---------- Exercise input ----------

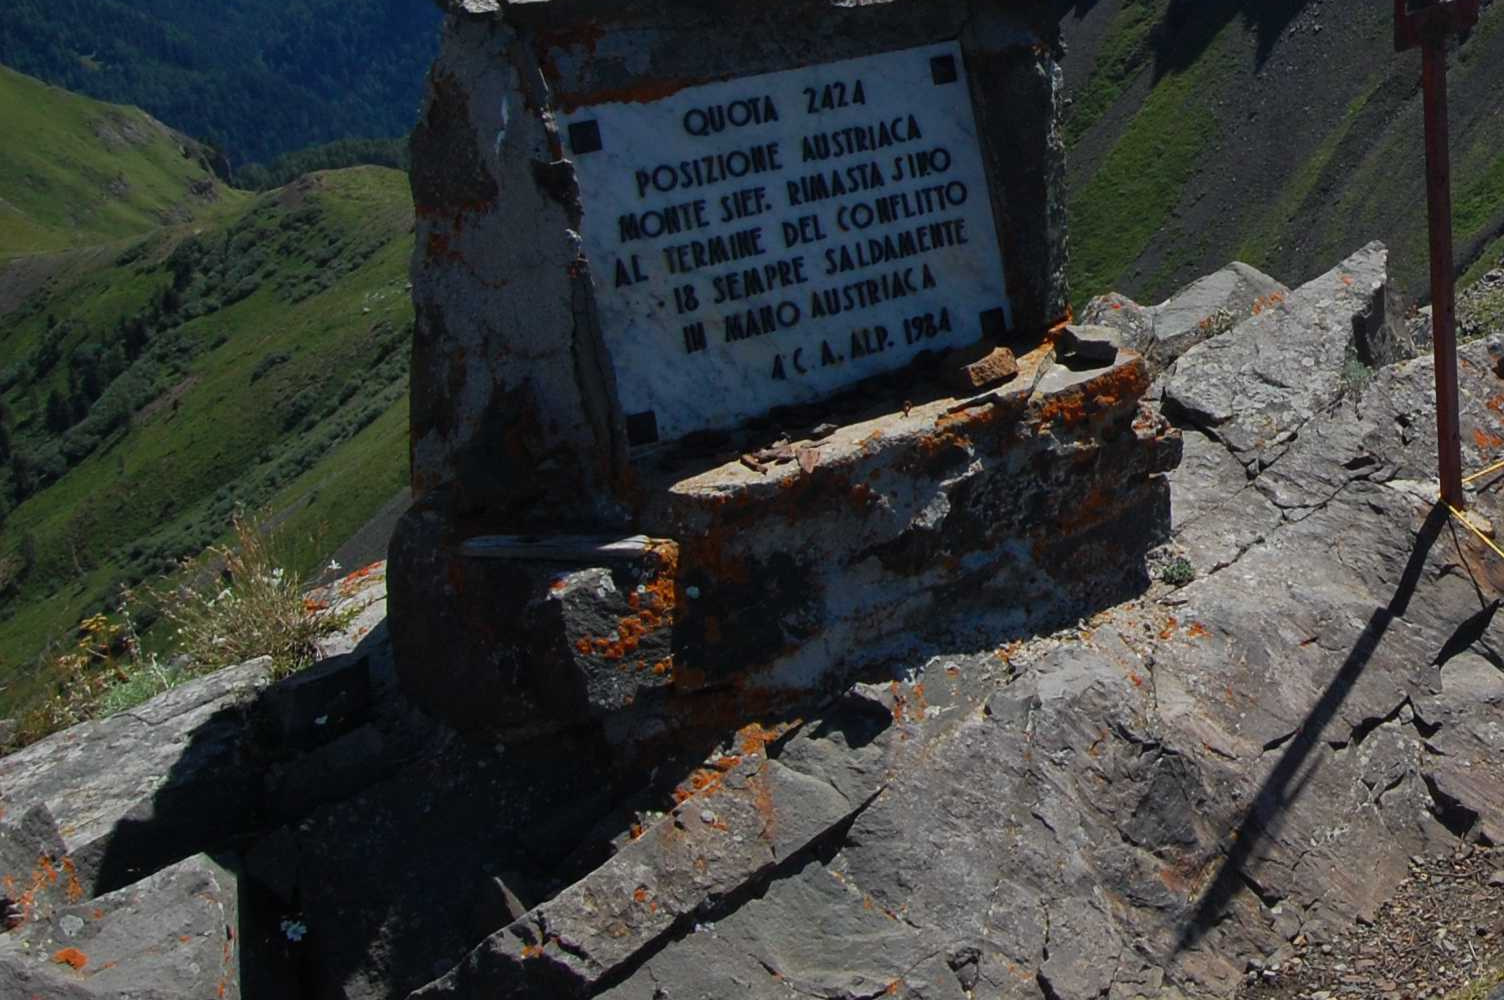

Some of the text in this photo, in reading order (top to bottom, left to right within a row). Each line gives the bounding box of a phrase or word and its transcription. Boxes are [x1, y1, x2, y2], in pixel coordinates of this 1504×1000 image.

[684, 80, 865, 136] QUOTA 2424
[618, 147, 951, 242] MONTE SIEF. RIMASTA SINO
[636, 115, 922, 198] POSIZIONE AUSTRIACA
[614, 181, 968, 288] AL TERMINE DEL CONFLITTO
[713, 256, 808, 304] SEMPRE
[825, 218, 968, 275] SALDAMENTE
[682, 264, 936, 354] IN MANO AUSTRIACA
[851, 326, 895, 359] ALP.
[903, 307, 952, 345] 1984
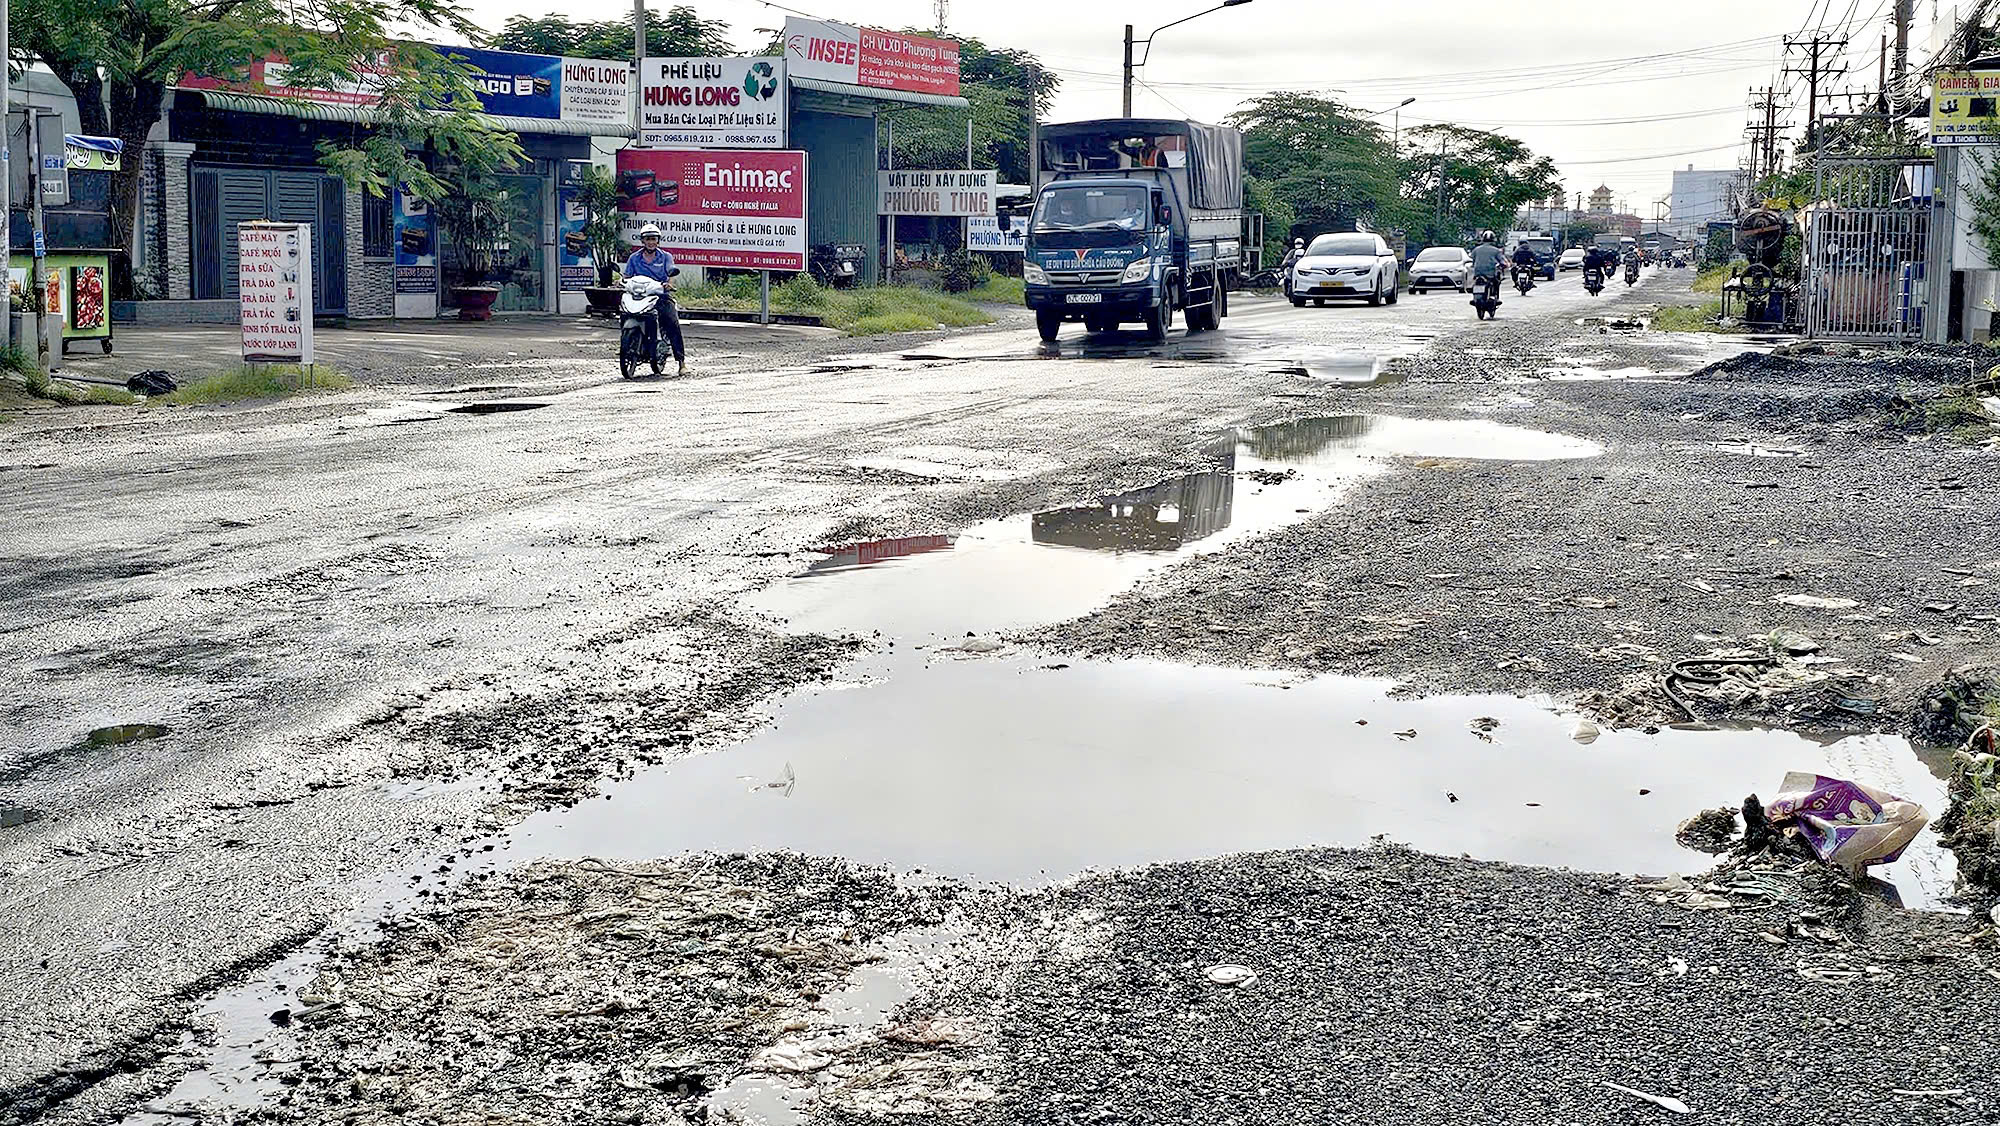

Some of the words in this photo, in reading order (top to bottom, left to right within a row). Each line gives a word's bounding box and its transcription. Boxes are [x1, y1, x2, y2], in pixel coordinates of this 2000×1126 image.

----------

▶ _What the task requires_
Output the entries verbatim, skipping images.

▶ _Written reply_
Some of the text in this photo, in reading order (top to bottom, left to right within a row). Each line gives the bounding box of a phrase or word and its transcription. Boxes are [x1, y1, x2, y2], in pixel coordinates of this 1504×1000 image.

[684, 80, 865, 136] QUOTA 2424
[618, 147, 951, 242] MONTE SIEF. RIMASTA SINO
[636, 115, 922, 198] POSIZIONE AUSTRIACA
[614, 181, 968, 288] AL TERMINE DEL CONFLITTO
[713, 256, 808, 304] SEMPRE
[825, 218, 968, 275] SALDAMENTE
[682, 264, 936, 354] IN MANO AUSTRIACA
[851, 326, 895, 359] ALP.
[903, 307, 952, 345] 1984

Some of the words in this photo, in reading order (top to bottom, left to right within a row). Each line gives a word's bounding box and its transcription. Boxes are [x1, y1, x2, y2], in pixel coordinates of this 2000×1126 image.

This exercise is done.